Ungleichheit, Identität und die Mobilisierung von Ressentiments

Abstract

Ist radikaler Rechtspopulismus ein Bottom-up-Phänomen, das von der Stimmung der Wähler*innen angetrieben wird? Oder ist er ein Top-down-Phänomen, eine Erscheinung aufgrund von gescheiterten Strategien der politischen Eliten? Dieses Projekt untersucht die Schnittmenge beider Phänomene und analysiert, wie wirtschaftliche Ungleichheit dazu geführt hat, dass Politiker*innen des Mainstreams Fragen zu „Identität“ anders formulieren, was wiederum eine Radikalisierung der rechten Kräfte ausgelöst hat. Es handelt sich um ein länderübergreifendes europäisch-nordamerikanisches Projekt, das den Zeitraum von 1945 bis heute abdeckt.
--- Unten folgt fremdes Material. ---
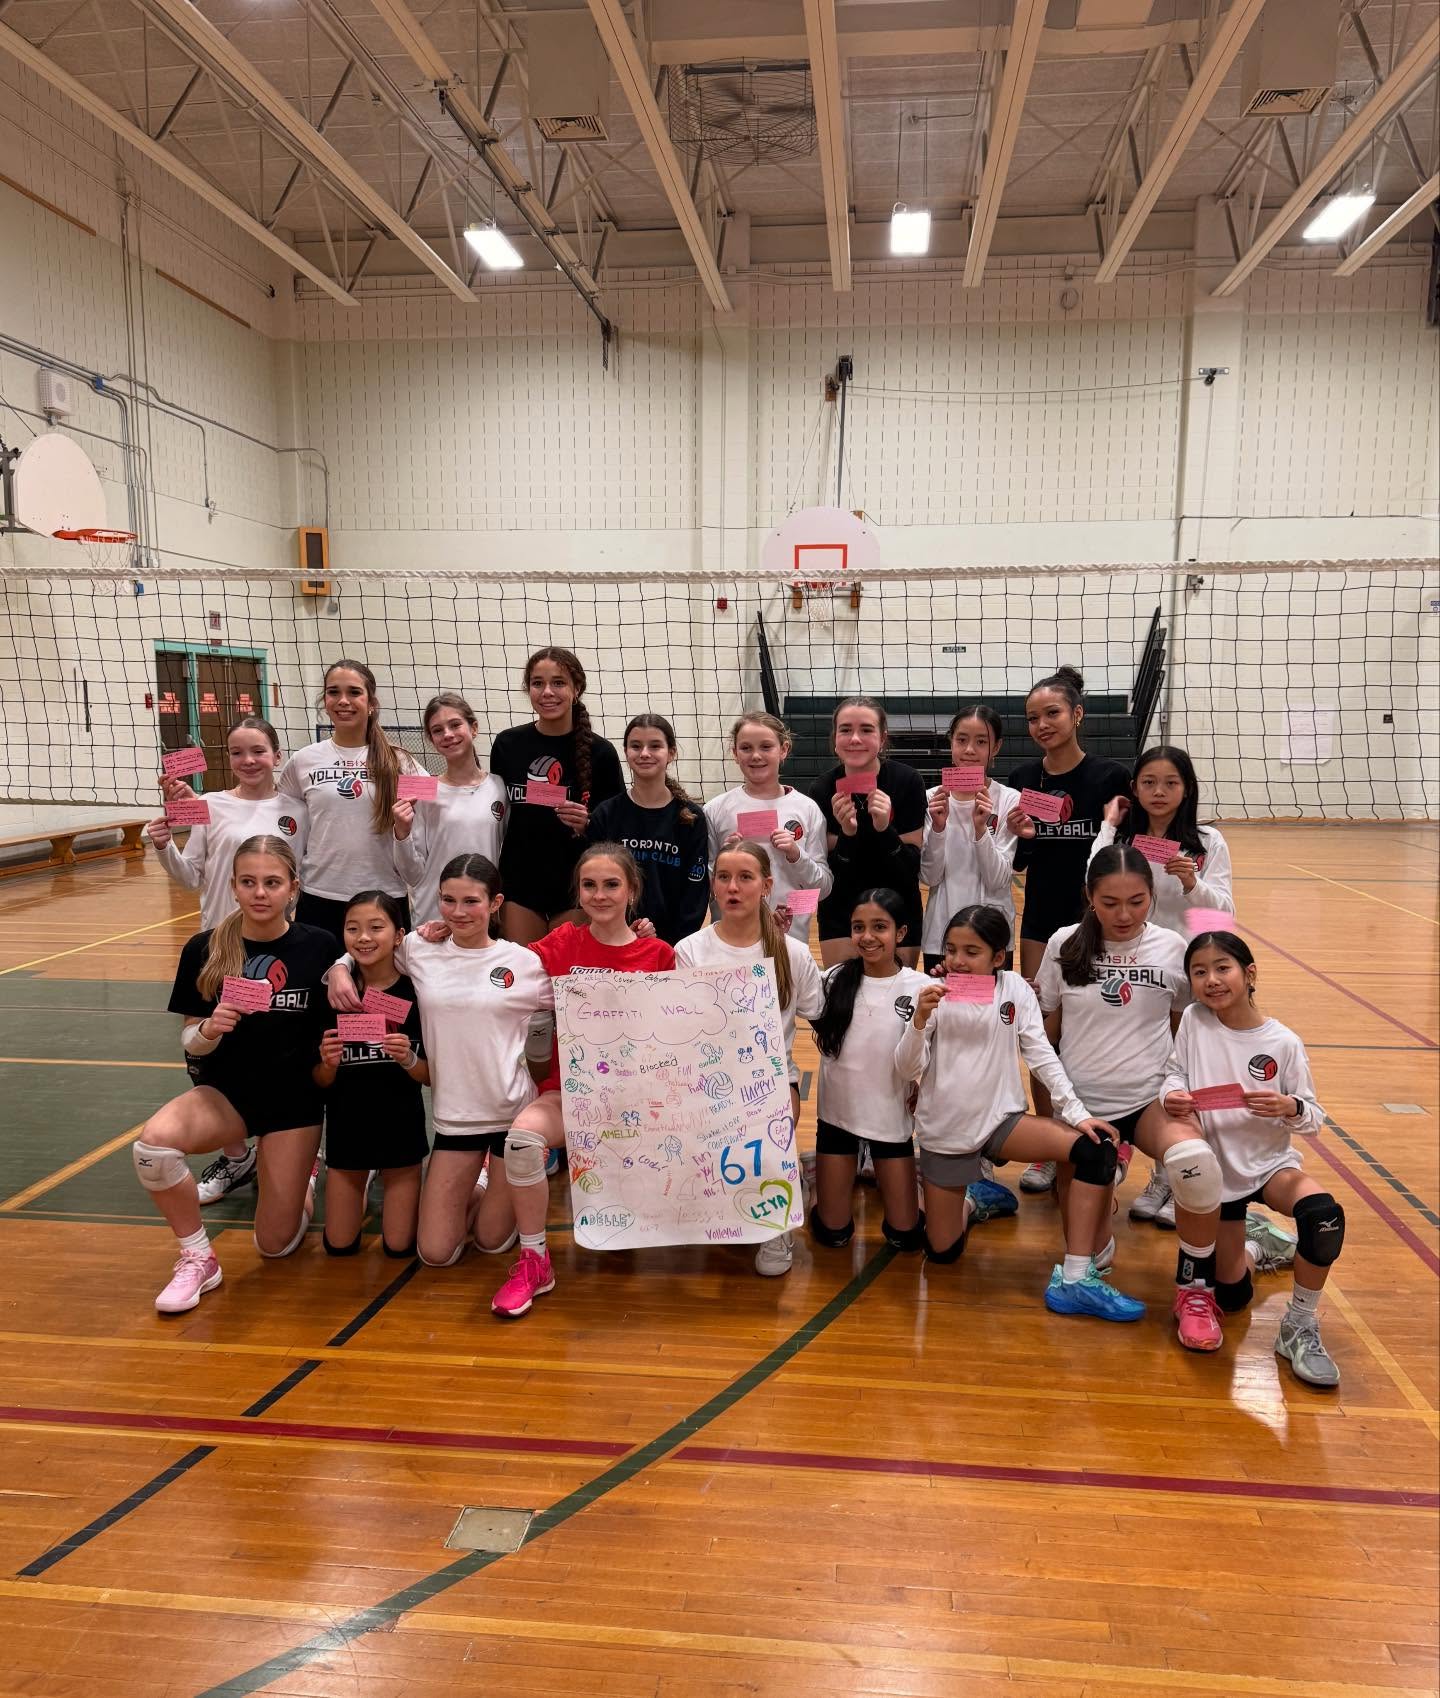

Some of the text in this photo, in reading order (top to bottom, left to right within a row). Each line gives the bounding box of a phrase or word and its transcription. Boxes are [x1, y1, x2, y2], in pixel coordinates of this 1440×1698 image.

[308, 769, 369, 786] VOLLEYB
[1037, 821, 1098, 837] LEYBALL
[621, 838, 679, 855] TORONTO
[651, 851, 681, 867] CLUB
[1095, 955, 1138, 965] 41SIX
[639, 1055, 678, 1074] Blocked
[740, 1075, 777, 1103] HAPPY!
[601, 1128, 640, 1139] AMELIA
[720, 1138, 762, 1186] 67
[750, 1194, 788, 1219] LIYA
[580, 1213, 628, 1228] ADELLE
Es umfasst vier Schritte: a) die Bewertung, wie sich die wirtschaftliche Ungleichheit auf die Wählerschaft der Mitte-Rechts-Parteien ausgewirkt hat, b) wie Mitte-Rechts-Parteien ihre Schwerpunktsetzung im Wahlkampf und der Regierung verändert haben, c) wie Wähler*innen die relative Salienz von Identität aufgrund der „Sprechweise“ von Politiker*innen verändert haben, und d) das Ausmaß, in dem dies Wähler*innen dazu veranlasst hat, für radikale Parteien zu stimmen. Die Datenerhebung zu jedem dieser Analyseschritte steht im Mittelpunkt dieses Projekts.